In the meantime, Nathan Lee wanted to prepare the clones for alien times. They knew how to quarry limestone, sow wheat, work leather, smith iron, and herd goats. But survival in the ruins of America was going to require different skills. One can of spoiled food could wipe them out with botulism. One wrong highway could land them in the Canadian winter. The cities might be dead, but they were still mechanically alive, and deadly. The clones needed a crash course in the twenty-first century.

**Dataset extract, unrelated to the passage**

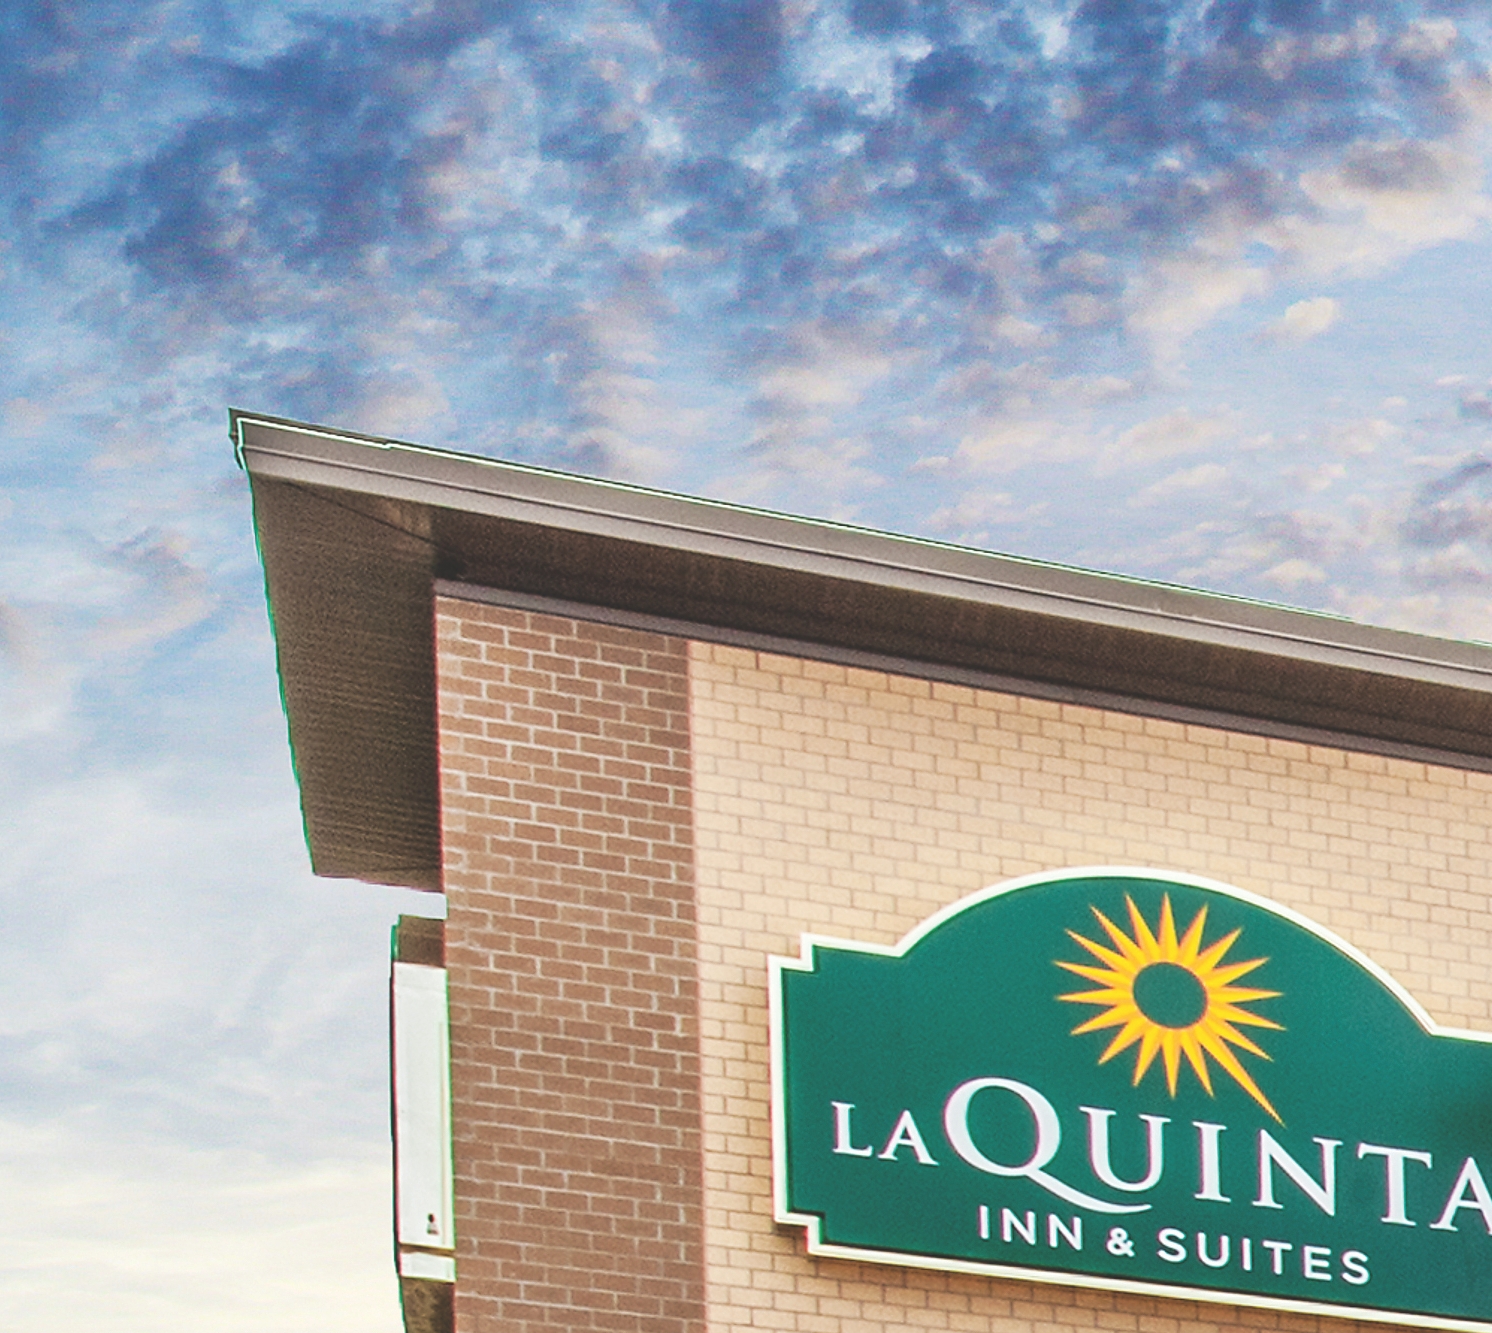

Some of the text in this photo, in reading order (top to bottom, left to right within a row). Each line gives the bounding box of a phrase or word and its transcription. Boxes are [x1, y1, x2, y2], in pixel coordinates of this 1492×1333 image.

[979, 1205, 1370, 1286] INN & SUITES

“You’ve got your work cut out,” said the Captain.
Nathan Lee went to Izzy, who thought it was a terrible idea. “I told you, they know we’re the enemy. Eesho’s got them ready to kill us if we show our faces.”
“We’ll select just one of them. Educate him. Show him the ropes. When the time comes, he can lead the rest.”
Izzy balked. “Why would any of them trust us? They’re onto us now. In their shoes, I wouldn’t trust us.”
“They’re prisoners. They have no choice.”
“Fine,” grumbled Izzy. “We’ll pick one. But which one?”
“Someone they’ll listen to.”
“Not his bloody lordship,” Izzy protested. “I’m not about to hand Eesho the keys to the castle. He already thinks he’s God almighty.”
“Not him,” Nathan Lee said, “Ben.”
Izzy chewed on his moustache. “I thought you wanted a leader. He’s a loner. Last time he had the chance, he bolted off all by himself.”
“That was different. He saw the chance and took it. And look, now, they follow him whether he wants to lead or not.”
Izzy grumbled. “Better him than most, I suppose.”
Class began next morning.
Ben was taken from the yard and led to the same spartan room where Ochs had asked Eesho for a miracle. Nathan Lee and Izzy waited for him at a table with the day’s lessons arranged on top. There was a globe of the world, a can of beans, and a can opener.